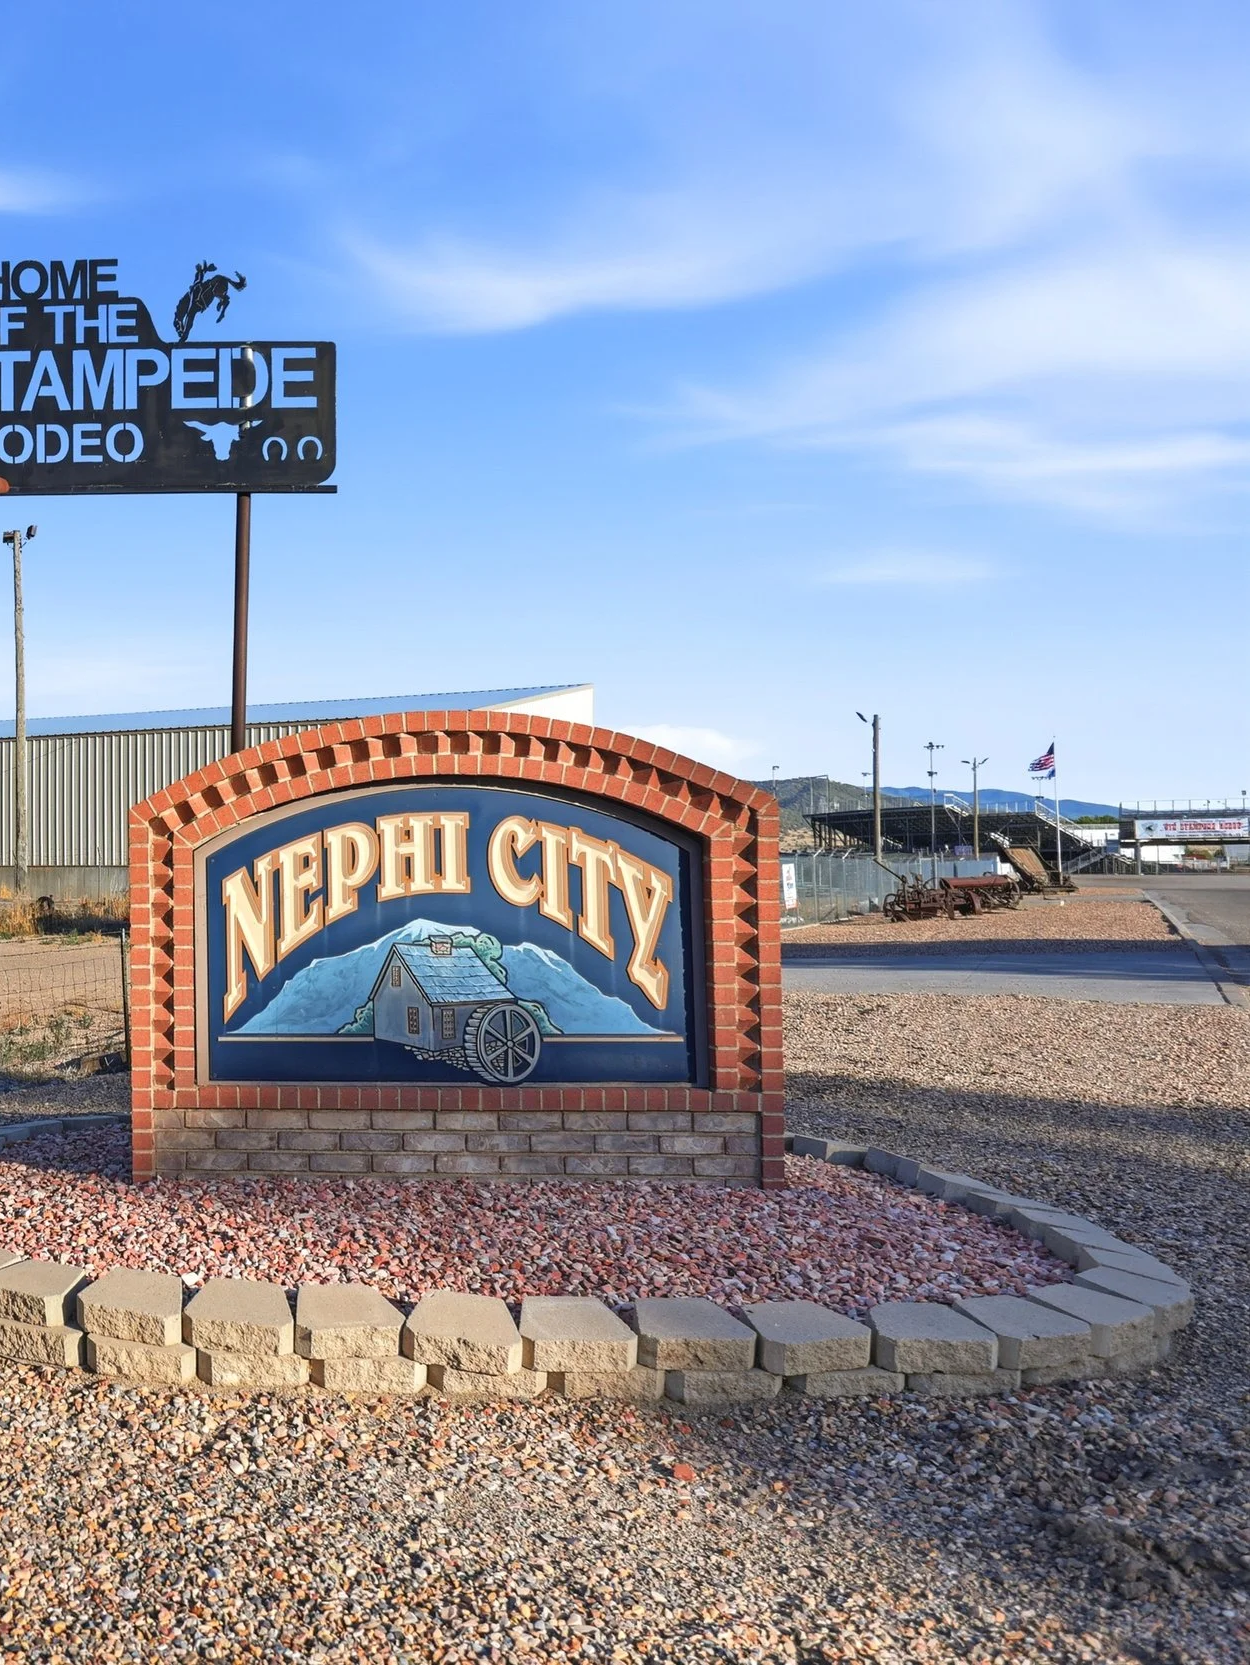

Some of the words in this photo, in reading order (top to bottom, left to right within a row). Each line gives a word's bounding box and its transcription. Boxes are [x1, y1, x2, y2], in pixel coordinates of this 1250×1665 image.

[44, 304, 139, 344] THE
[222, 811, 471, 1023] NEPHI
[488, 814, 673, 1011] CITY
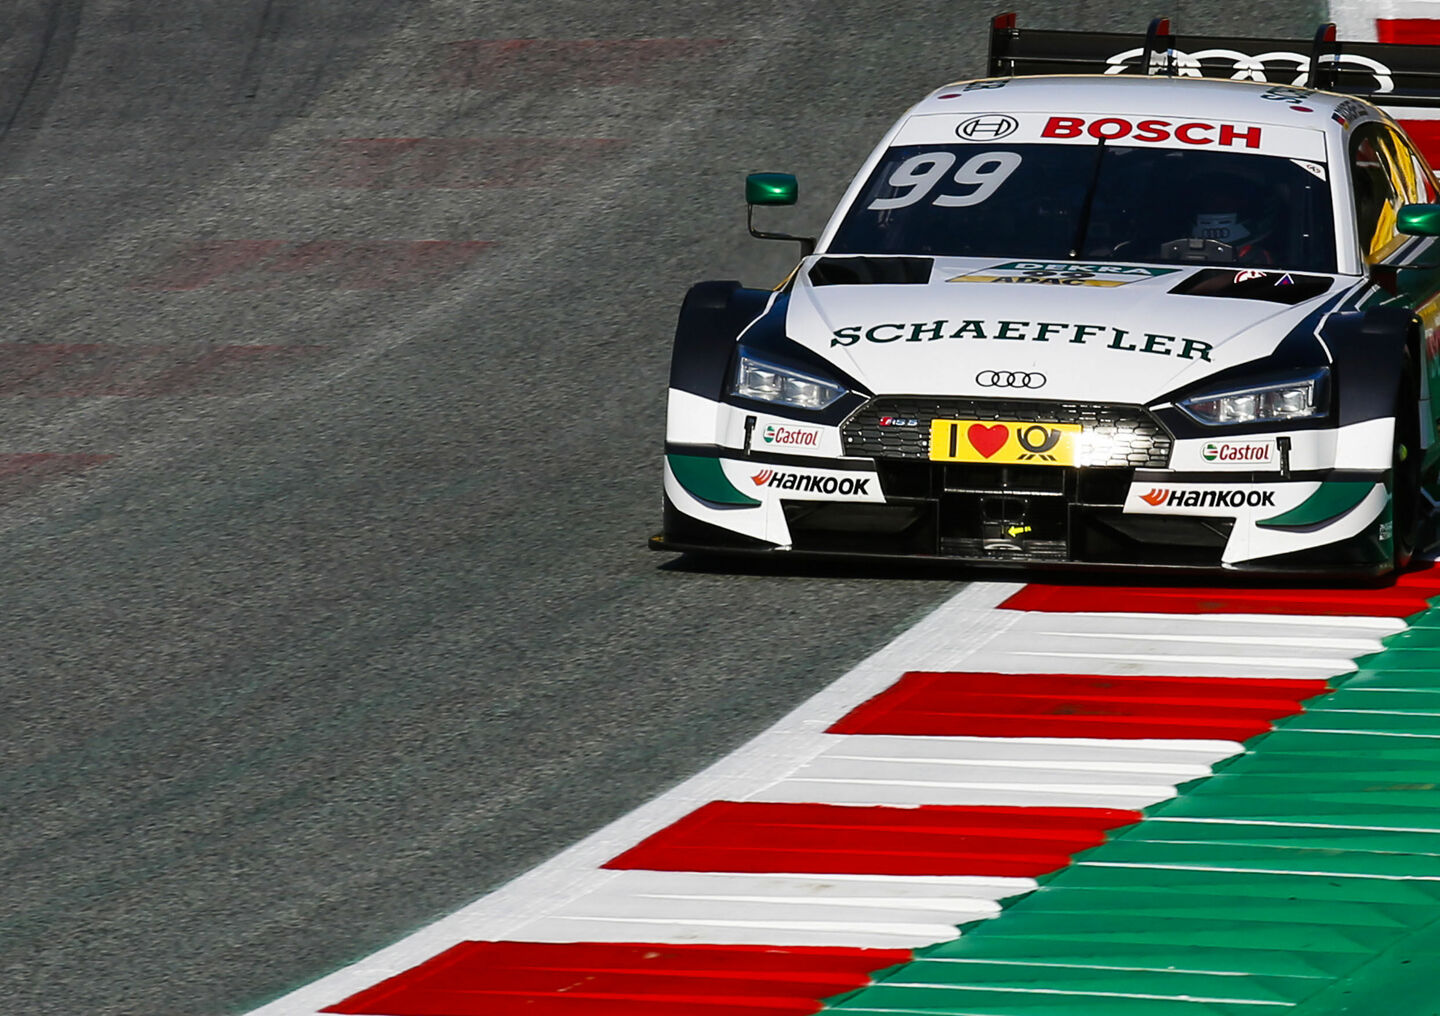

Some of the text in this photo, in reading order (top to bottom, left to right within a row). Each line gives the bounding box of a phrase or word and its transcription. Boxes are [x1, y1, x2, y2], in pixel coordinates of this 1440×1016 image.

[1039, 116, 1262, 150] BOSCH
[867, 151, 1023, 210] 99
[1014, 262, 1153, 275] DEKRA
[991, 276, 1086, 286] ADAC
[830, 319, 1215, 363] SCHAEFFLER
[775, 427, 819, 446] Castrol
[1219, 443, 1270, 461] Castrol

• • • • •

■ **EXERCISE BRIEF**:
Except for the pictures, give the data again word for word.

■ **RESULT BELOW**:
Some of the words in this photo, in reading order (top to bottom, left to right within a row). Each line gives a word's bounding box and its transcription. Boxes are [x1, y1, x2, y2], in pixel coordinates of this 1250×1665 image.

[44, 304, 139, 344] THE
[222, 811, 471, 1023] NEPHI
[488, 814, 673, 1011] CITY

Some of the text in this photo, in reading order (top to bottom, left to right within a row). Each line gives the bounding box of a phrase or word and its transcription. Boxes are [x1, y1, x2, y2], in pixel coordinates of this 1440×1016 image.

[1039, 116, 1262, 150] BOSCH
[867, 151, 1023, 210] 99
[1014, 262, 1153, 275] DEKRA
[991, 276, 1086, 286] ADAC
[830, 319, 1215, 363] SCHAEFFLER
[775, 427, 819, 446] Castrol
[1219, 443, 1270, 461] Castrol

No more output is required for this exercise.